The group that most loudly protested in advance of today’s decision was the AIDS Healthcare Foundation, which published anti-Truvada ads in a California newspaper near the Gilead headquarters and sent the below mailer to more than 50,000 homes in that area. The FDA’s decision to approve Truvada as a PrEP medication was supported by the San Francisco AIDS Foundation. All groups concede that the long-term effects of a daily HIV medication by uninfected persons is not yet fully known.UPDATE: The AIDS Healthcare Foundation responds to today’s decision.

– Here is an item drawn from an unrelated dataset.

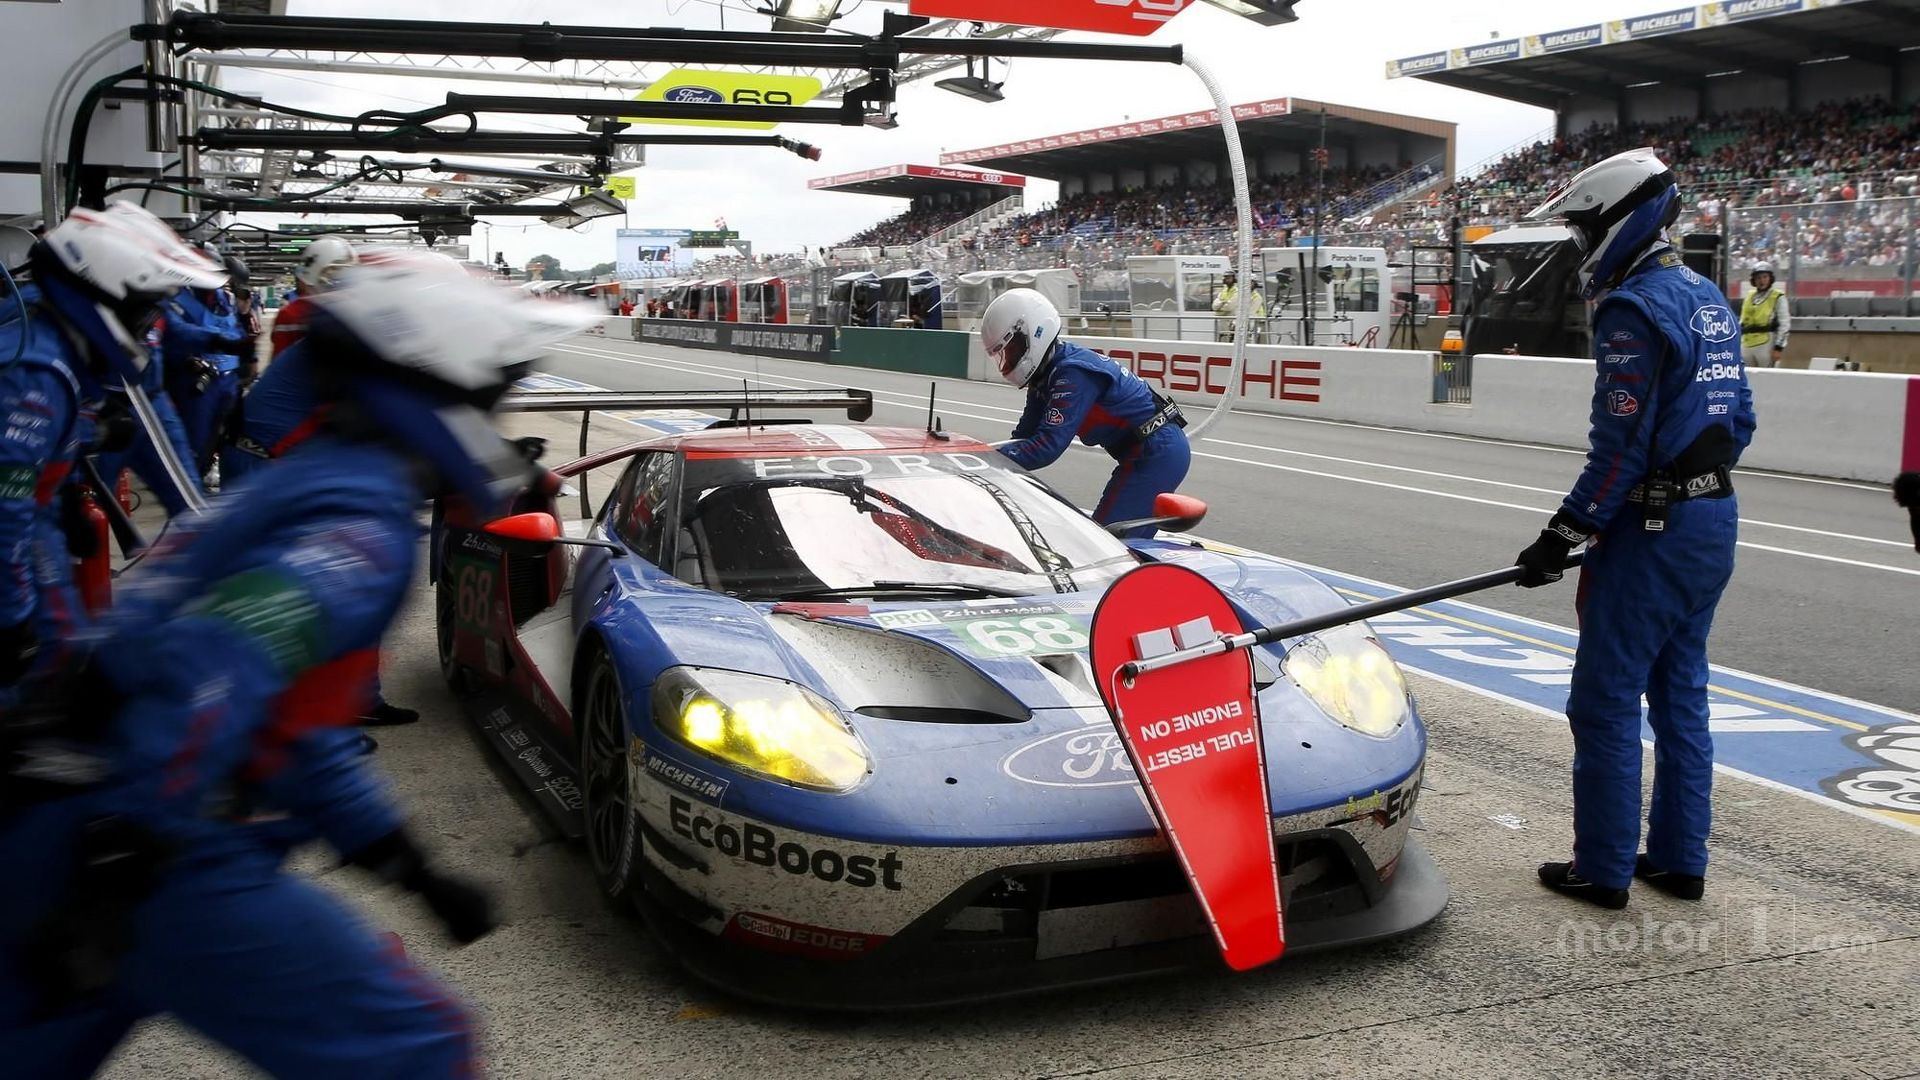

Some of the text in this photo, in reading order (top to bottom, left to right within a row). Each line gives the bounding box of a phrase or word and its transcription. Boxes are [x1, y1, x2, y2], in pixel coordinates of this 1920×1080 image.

“The FDA’s approval of Gilead’s Truvada as a form of HIV prevention today without any requirement for HIV testing is completely reckless and a move that will ultimately set back years of HIV prevention efforts,” said Michael Weinstein, AHF’s President. “From the beginning we believe there was a rush to judgment by government officials and others in favor of such approval despite decidedly mixed studies offered in support. And while FDA recommends a negative HIV test prior to use of Truvada as PrEP and states that use by people with an ‘…unknown or HIV positive status…’ is ‘contraindicated,’ it in no way actually requires HIV testing in any manner—just strengthening of the ‘Boxed Warning’ on Gilead’s packaging. The FDA’s move today is negligence bordering the equivalence of malpractice which will sadly result in new infections, drug resistance and serious side effects among many, many people.’

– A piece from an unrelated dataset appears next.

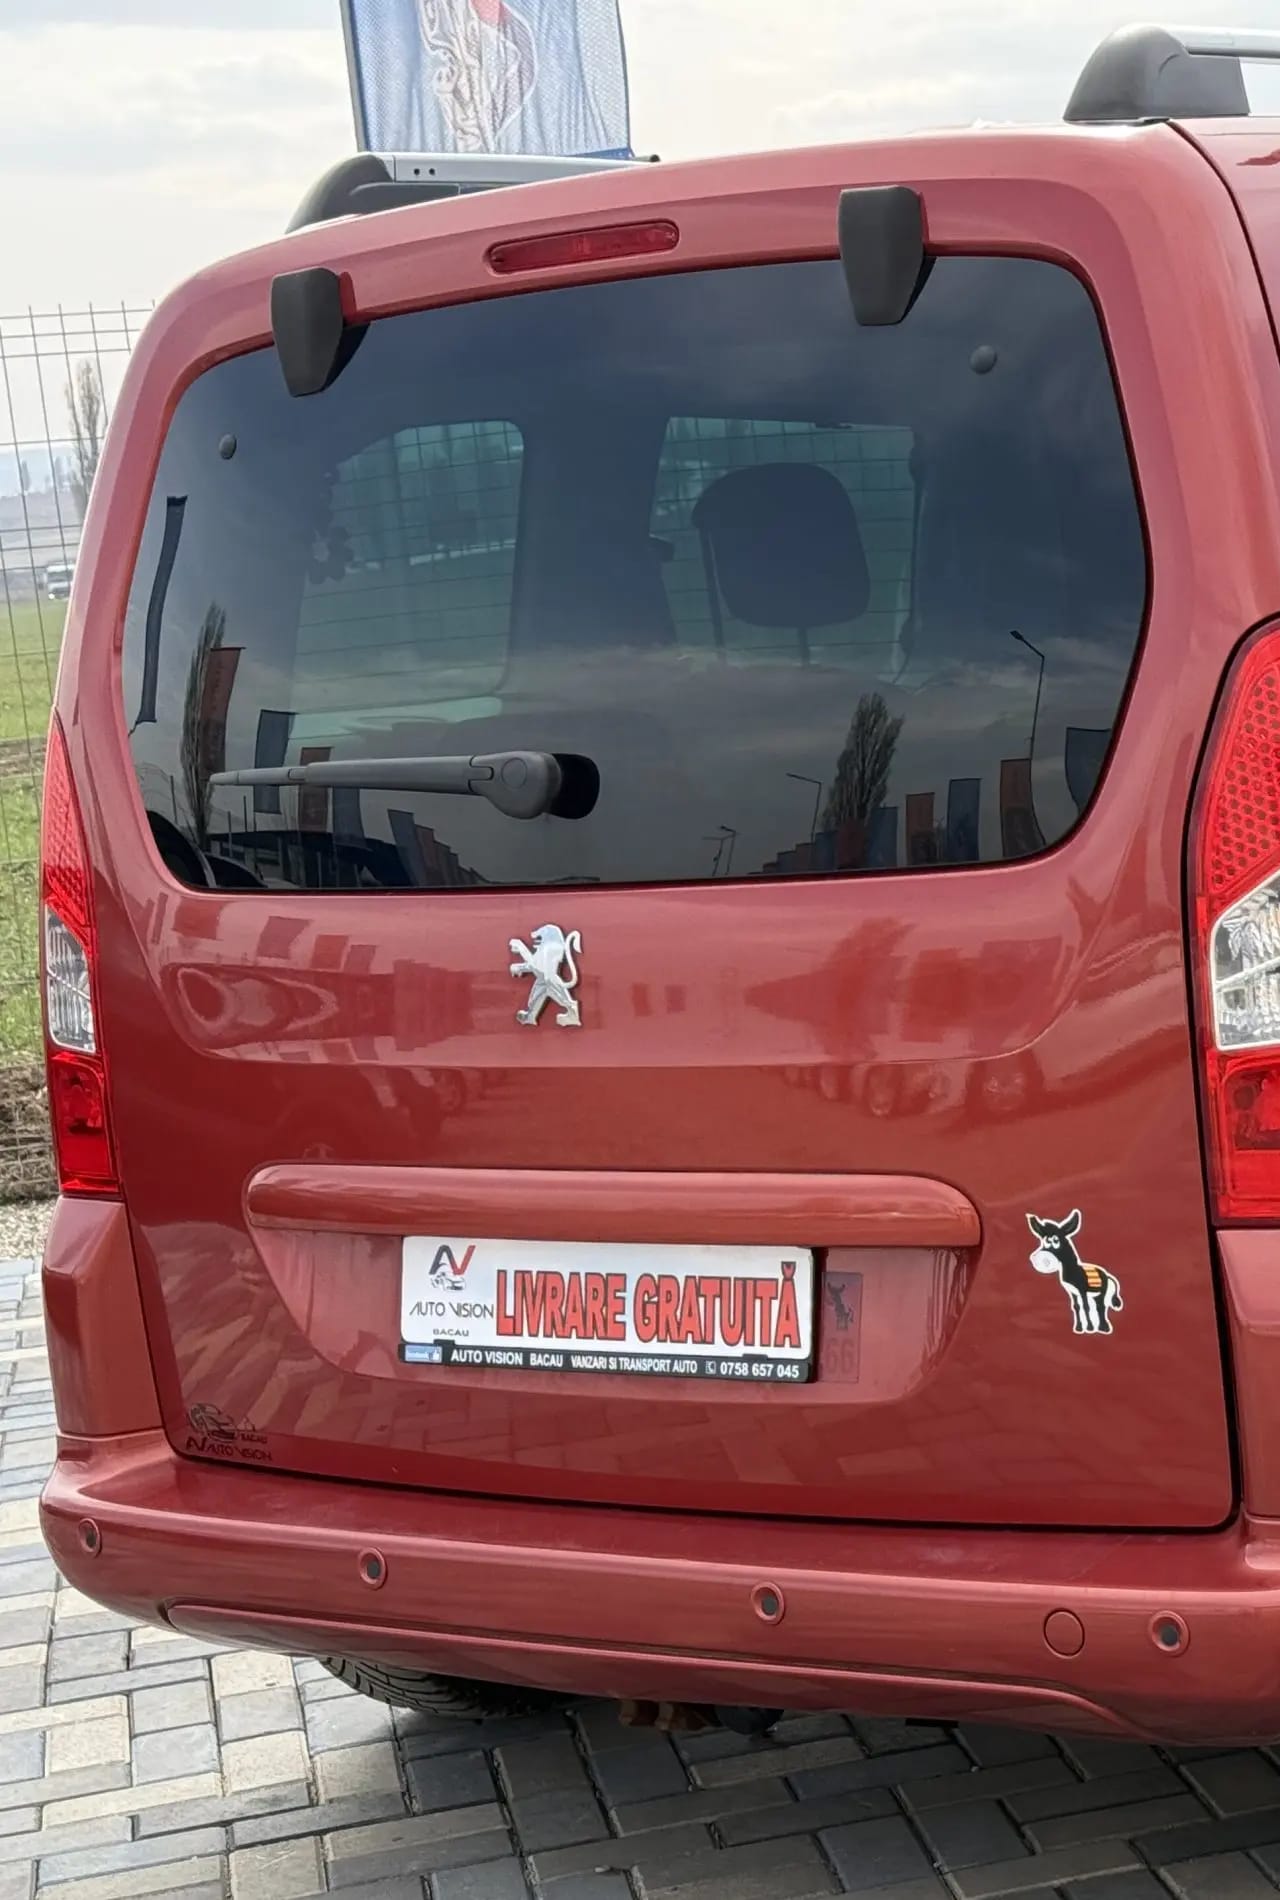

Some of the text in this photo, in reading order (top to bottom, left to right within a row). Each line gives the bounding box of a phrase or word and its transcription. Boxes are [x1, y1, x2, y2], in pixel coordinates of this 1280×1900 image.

[409, 1301, 495, 1319] AUTO VISION
[496, 1261, 801, 1349] LIVRARE GRATUITĂ
[433, 1328, 470, 1337] BACAU
[450, 1349, 800, 1379] AUTO VISION BACAU VANZARI SI TRANSPORT AUTO 0758 657 045

UPDATE II: The SF AIDS Foundation reacts:
“Today’s decision by the FDA heralds a new era in HIV prevention—one with great promise for expanded access to HIV testing and prevention counseling and support,” said Neil Giuliano, CEO of San Francisco AIDS Foundation. “The approval paves the way for increased work with the federal government and Gilead Sciences to ensure they realize the incredible impact they can now have to get Truvada to the communities that stand to benefit most, especially gay men and people of color.” “The groundbreaking decision by the FDA has widespread implications for efforts to stop the spread of HIV both here in the United States and beyond our borders,” said James Loduca, vice president of public affairs at San Francisco AIDS Foundation. “Now the hard work begins to ensure that health care providers, clinics, and our community know how and when to use Truvada—and to ensure that price and delivery systems are never a barrier to access for anyone who stands to benefit from it.”